Plans to remove duty of care for British soldiers branded as ‘shameful’
Proposals by the Ministry of Defence (MoD) to abolish the duty of care owed to service personnel have been strongly criticized by lawyers. Responding to the Government’s ‘Better combat compensation’ consultation, human rights lawyers argue that the plans, which propose a new widened concept of ‘combat immunity’, would prevent injured soldiers and families of those killed in combat from pursuing legal redress for negligence and effectively shield the MoD from scrutiny by the courts for negligence in combat-related deaths and injuries.
The consultation, which closes on February 23, proposes introducing a ‘no fault’ compensation scheme for injured soldiers and families of those killed, and denying paid legal representation for service personnel when losses and compensation are assessed. It is argued that the proposals’ heavy focus on compensation comes at the expense of removing vital legal protections from soldiers. According to the MoD, the proposals ‘would mean many more individuals and families would benefit from these larger awards, and unnecessary legal costs, delay and stress associated with litigation could be avoided’.
Jocelyn Cockburn, solicitor at Hodge Jones & Allen, which responded to the consultation highlighting its concerns, labeled the move as a ‘shameful’ response by the military to the highly critical Chilcot report. ‘There is… a very real risk that by removing this duty of care the MoD will not learn any lessons from Chilcot and without the scrutiny of courts, the MoD will not be transparent about their failings,’ she says.

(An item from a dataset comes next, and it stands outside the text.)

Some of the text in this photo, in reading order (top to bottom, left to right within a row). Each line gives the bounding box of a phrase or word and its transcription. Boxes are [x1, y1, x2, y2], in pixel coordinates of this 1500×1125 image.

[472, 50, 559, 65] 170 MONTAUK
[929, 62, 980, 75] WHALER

Cockburn pointed to the ‘very closed attitude’ of the MoD towards admitting mistakes and accepting scrutiny, and warned that, without the scrutiny of the courts, transparency in the Ministry’s failings will be lost.

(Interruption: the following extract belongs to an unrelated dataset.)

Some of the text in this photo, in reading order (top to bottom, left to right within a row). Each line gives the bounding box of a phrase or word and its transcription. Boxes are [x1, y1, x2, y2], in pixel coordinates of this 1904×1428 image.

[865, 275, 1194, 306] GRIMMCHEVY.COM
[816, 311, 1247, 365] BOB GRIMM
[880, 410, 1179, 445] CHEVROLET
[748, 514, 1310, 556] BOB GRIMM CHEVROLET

The Law Society has raised concerns over the proposed new definition of combat immunity. ‘For instance, if it is inappropriately extended in this way it could cover any UK-based operation in preparation for war, such as the ordering of Snatch Land Rovers or a training exercise in the Brecon Beacons,’ commented Society president Robert Bourns. ‘A decision about equipment or training, made from a desk in Whitehall, should be subject to the same scrutiny as similar decisions about specialist training or equipment made by other employers.’

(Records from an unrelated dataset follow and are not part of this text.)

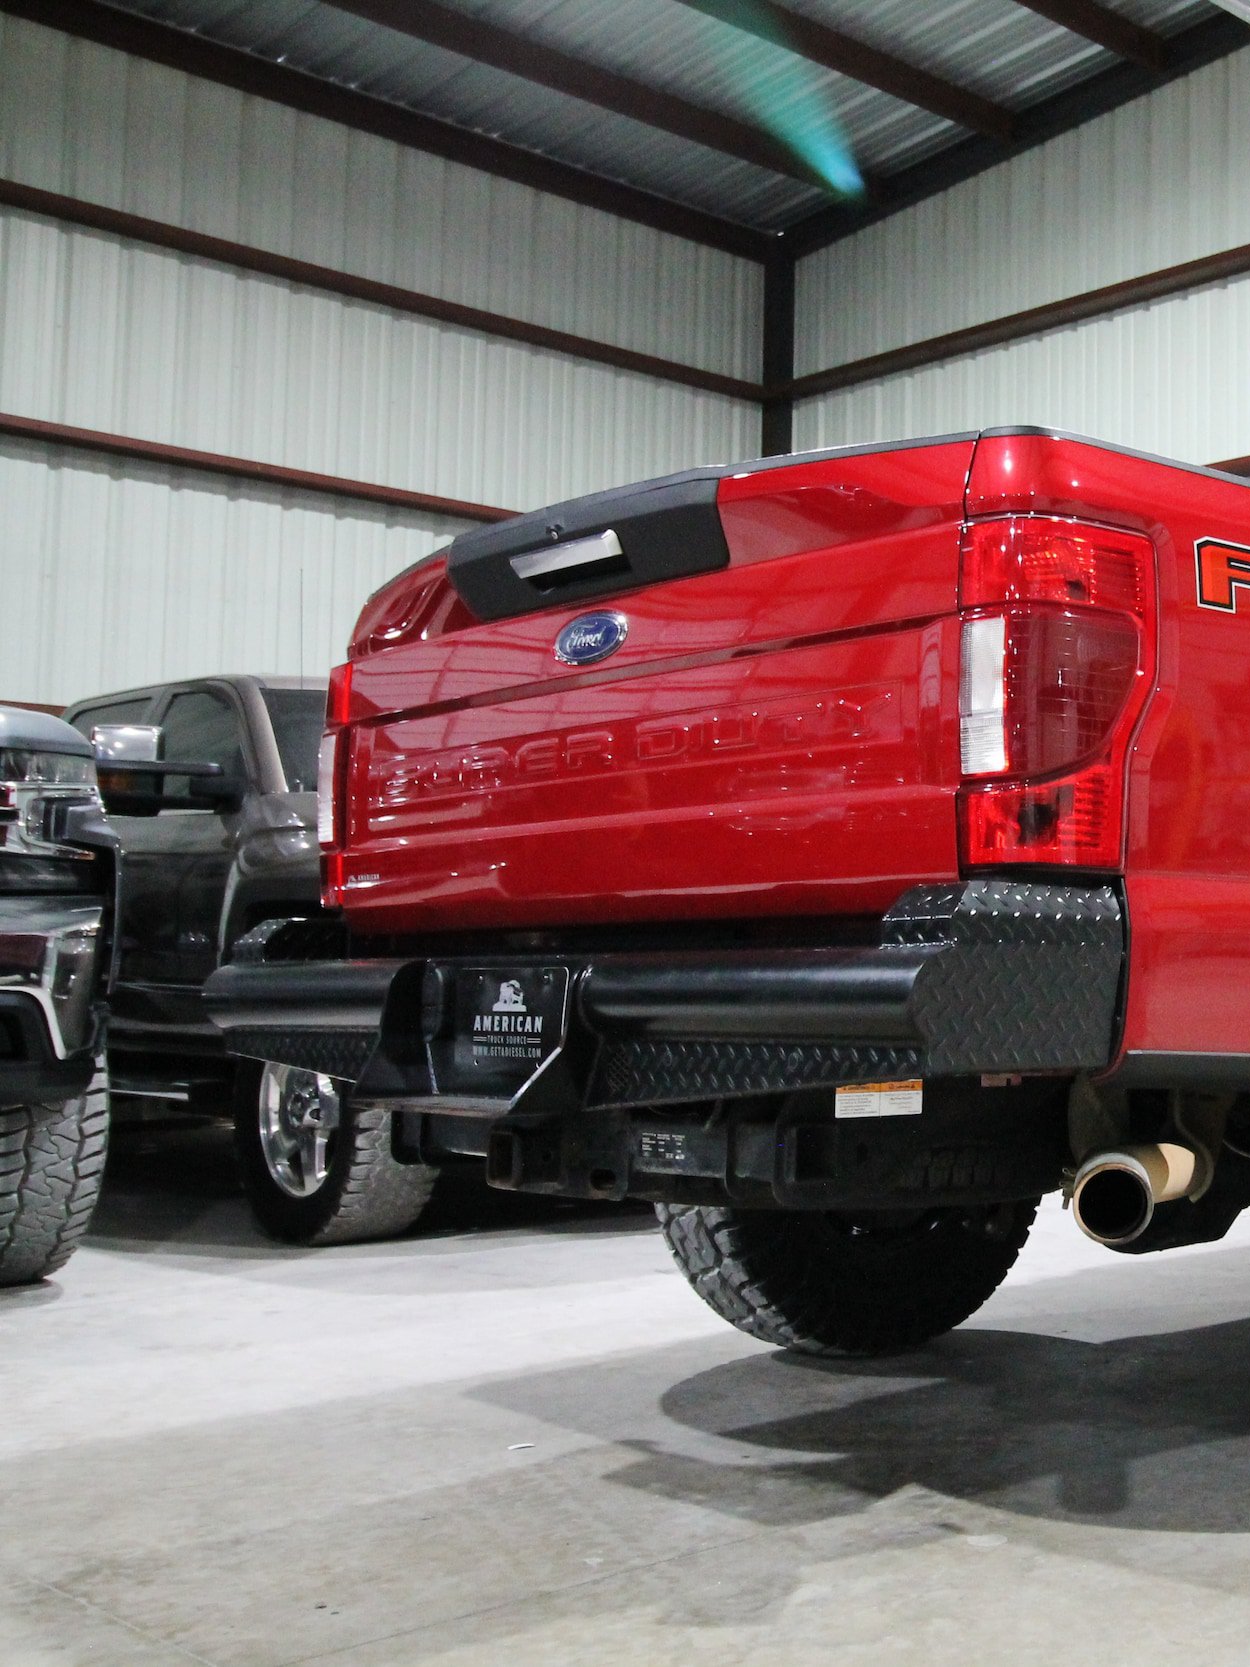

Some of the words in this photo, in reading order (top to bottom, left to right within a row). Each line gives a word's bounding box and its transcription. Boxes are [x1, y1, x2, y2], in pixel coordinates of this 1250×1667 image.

[566, 621, 606, 653] Ford
[635, 692, 893, 761] DUTY
[473, 1015, 543, 1033] AMERICAN
[487, 1034, 504, 1044] TRUCK
[506, 1035, 527, 1045] SOURCE

In 2013, Jocelyn Cockburn, along with others, successfully took the government to the Supreme Court to secure a duty of care for all British troops on active service abroad. The ruling in the case against the MoD, in which Cockburn represented the families of soldiers killed in poorly armoured Snatch land rover vehicles in Iraq to bring claims for damages for negligence and breaches of the Human Rights act, established for the first time that the European Convention on Human Rights applies to soldiers on the battlefield.
‘If the MoD are immune from legal action there is a real risk that safety standards will fall. During the course of the Snatch Land Rover litigation the government tried to persuade the court not to impose any duty on the MoD to protect its troops. This argument failed and was patently unreasonable. Parliament should give any such bill short shrift.’
Jocelyn Cockburn, Hodge Jones & Allen
Lawyer Shubhaa Srinivasan of Leigh Day, who represented the ‘Challenger claimants’ , families of soldiers who died as a result of failures to properly equip them and their Challenger tanks from friendly fire attack in the 2013 case, said the recent consultation plans amounted to a ‘get out of jail free’ card for the MoD. ‘The Government’s proposals offend the fundamental principle of the rule of law in that everyone – including the Government – should be legally accountable for their actions and subject to enforcement by an independent body such as the judiciary,’ Srinivasan said.
‘Soldiers have no recourse to impartial investigation of their cases and establishment of responsibility by an independent judge,’ she continued. ‘The court process ensures that where an employer goes wrong there is an element of public scrutiny which helps ensure that improvements to standards are made. These proposals amount to nothing short of soldiers and their families being told by their employer that they are shut out of our justice system.’
Srinivasan was sharply critical of the proposal to remove the presumption of legal representation for service personnel: ‘Often soldiers injured in battle will receive very severe injuries and it is appalling that they would be expected to fight for the compensation they need without the help of specialist legal representation.’ Cockburn echoed this concern, arguing that soldiers attempting to seek redress from the Ministry of Justice are ‘often vulnerable and traumatised… some will have catastrophic injuries. They cannot be expected to navigate the process without legal representation’.